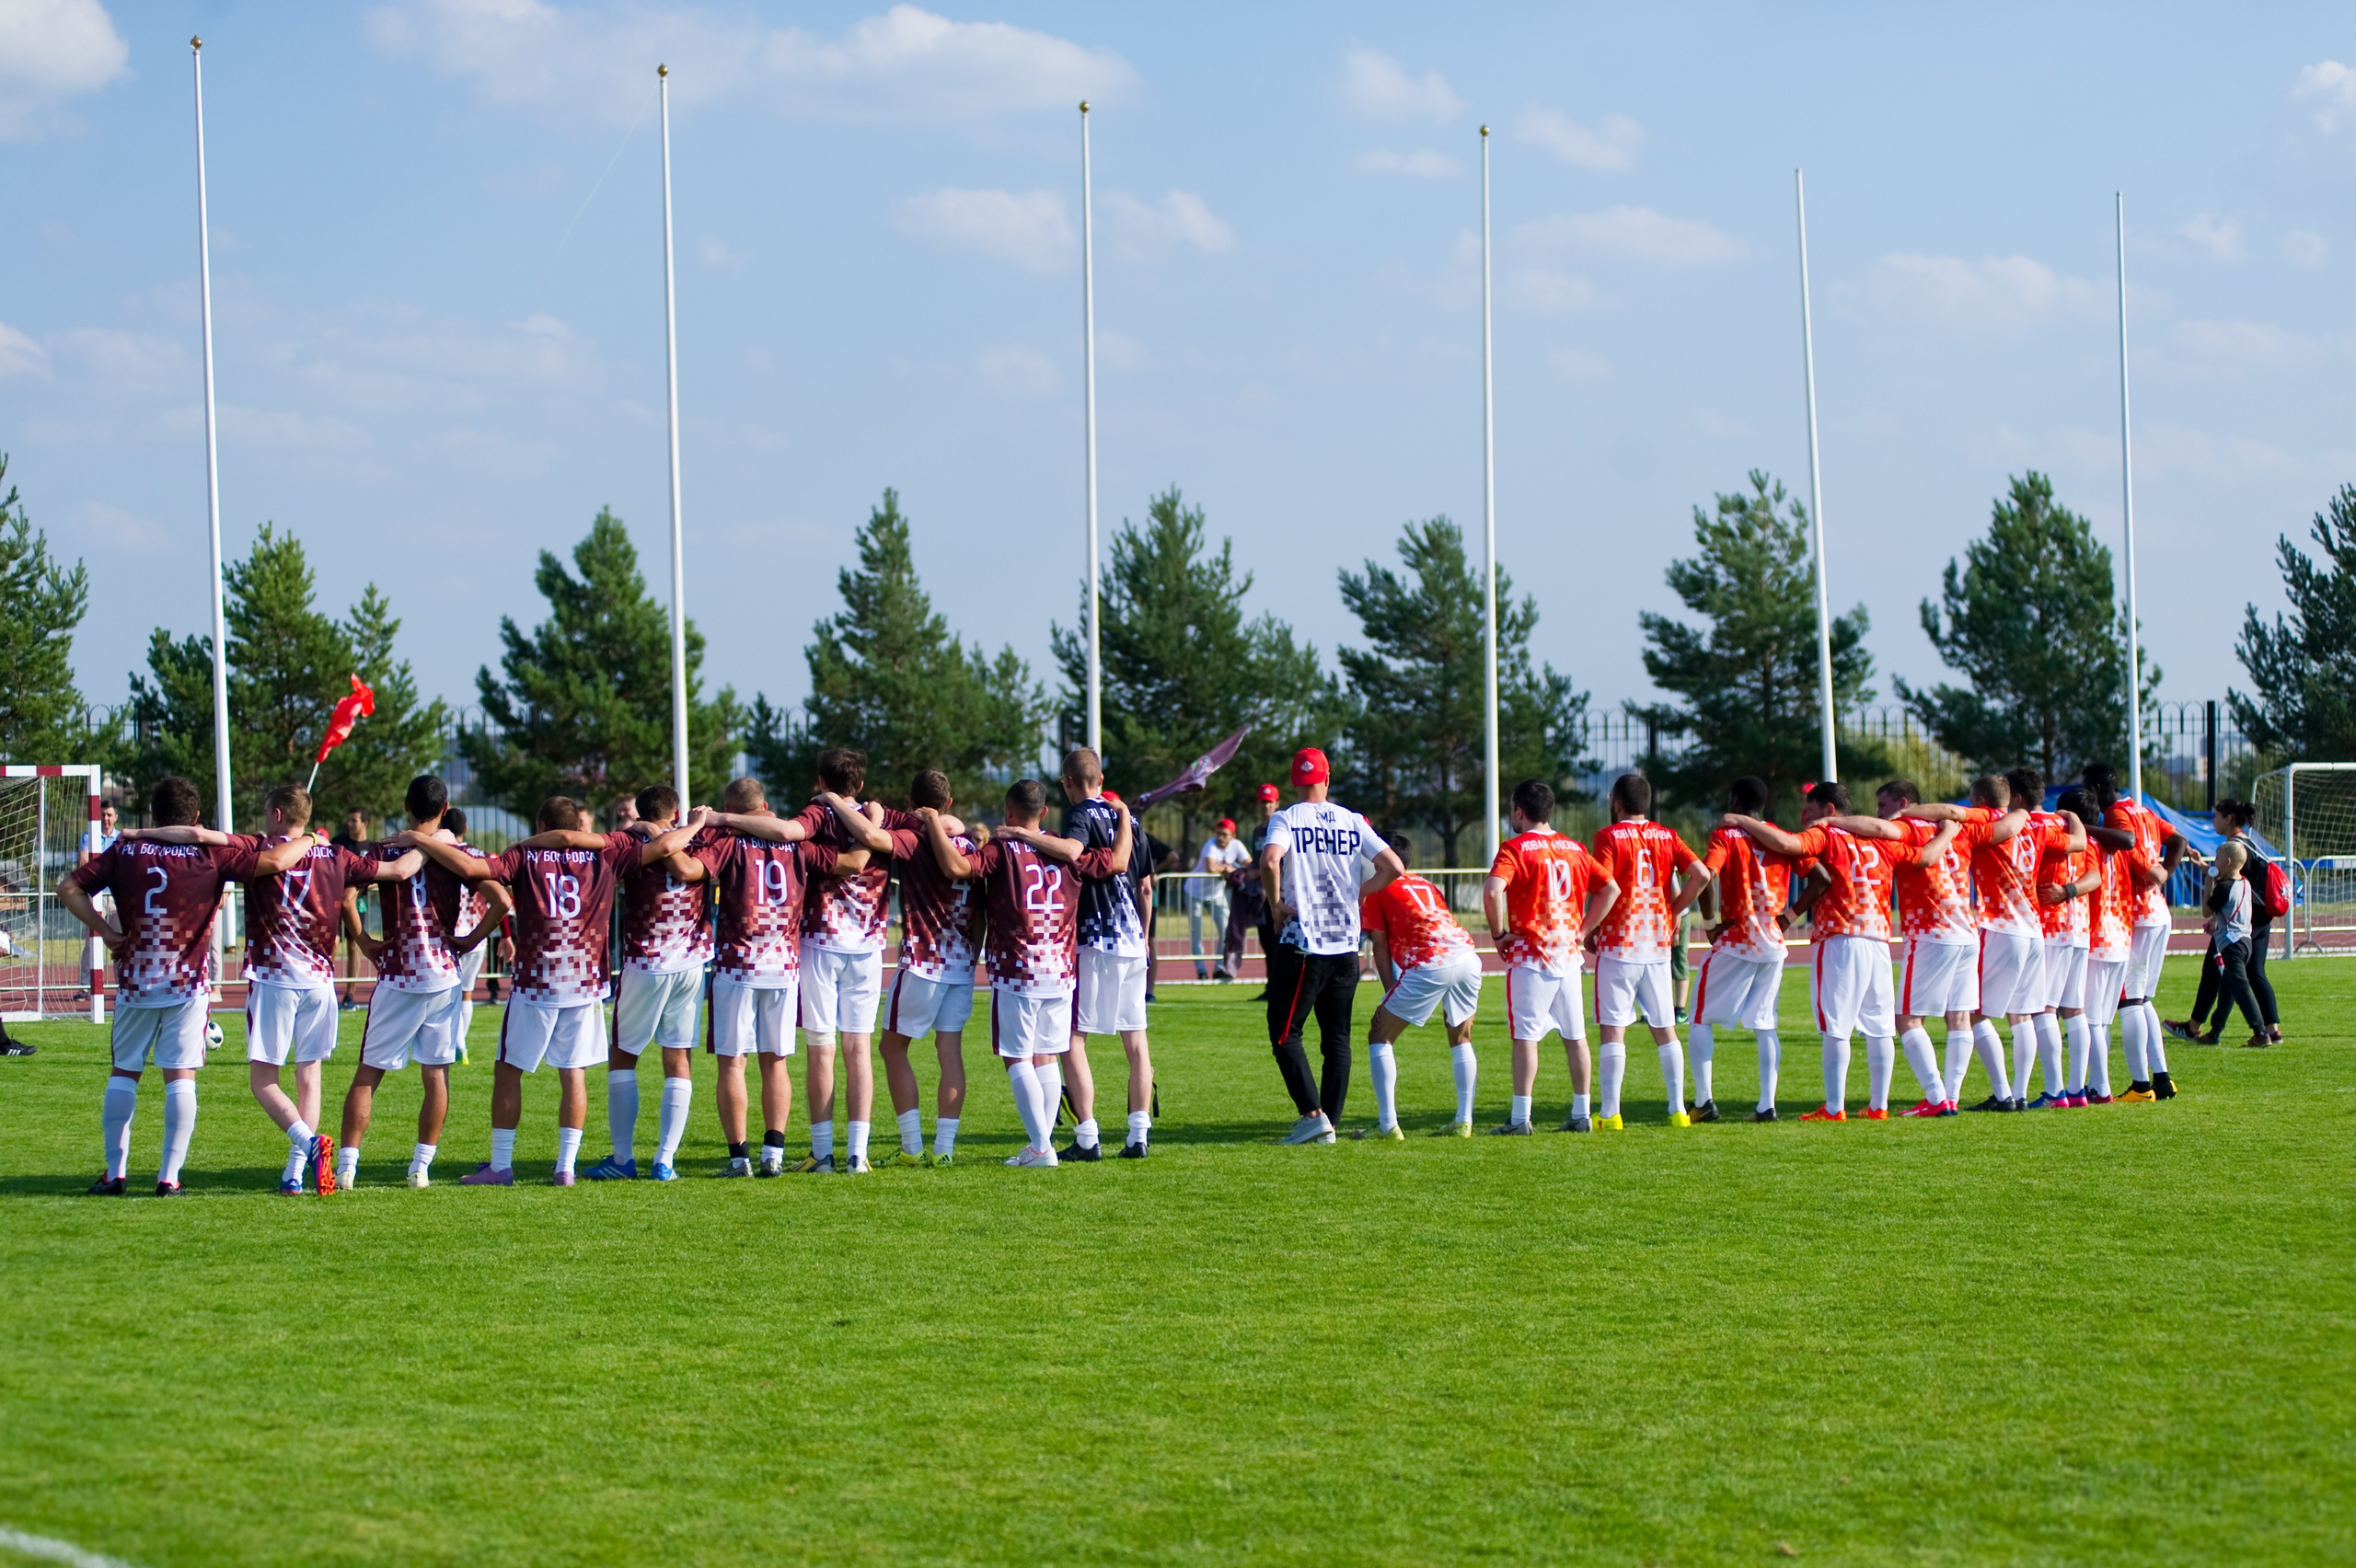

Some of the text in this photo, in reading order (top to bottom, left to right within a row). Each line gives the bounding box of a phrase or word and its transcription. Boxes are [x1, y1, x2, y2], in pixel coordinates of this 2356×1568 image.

[121, 843, 200, 858] РЦ БОГОРОДСК
[1291, 826, 1360, 856] ТРЕНЕР
[1520, 839, 1550, 852] НОВАЯ
[2011, 834, 2036, 873] 18
[755, 859, 788, 905] 19
[1544, 858, 1572, 902] 10
[1636, 848, 1655, 888] 6
[1847, 843, 1882, 885] 22
[144, 866, 168, 915] 2
[281, 868, 313, 911] 17
[545, 872, 582, 918] 18
[1025, 863, 1065, 910] 22
[1402, 884, 1437, 912] 17

- [EXERCISE]
Everything in the listing must be copied exactly except the pictures.

- [REPLY TO THE TASK]
Some of the text in this photo, in reading order (top to bottom, left to right within a row). Each line gives the bounding box of a phrase or word and its transcription. Boxes are [x1, y1, x2, y2], in pixel coordinates of this 2356×1568 image.

[121, 843, 200, 858] РЦ БОГОРОДСК
[1291, 826, 1360, 856] ТРЕНЕР
[1520, 839, 1550, 852] НОВАЯ
[2011, 834, 2036, 873] 18
[755, 859, 788, 905] 19
[1544, 858, 1572, 902] 10
[1636, 848, 1655, 888] 6
[1847, 843, 1882, 885] 22
[144, 866, 168, 915] 2
[281, 868, 313, 911] 17
[545, 872, 582, 918] 18
[1025, 863, 1065, 910] 22
[1402, 884, 1437, 912] 17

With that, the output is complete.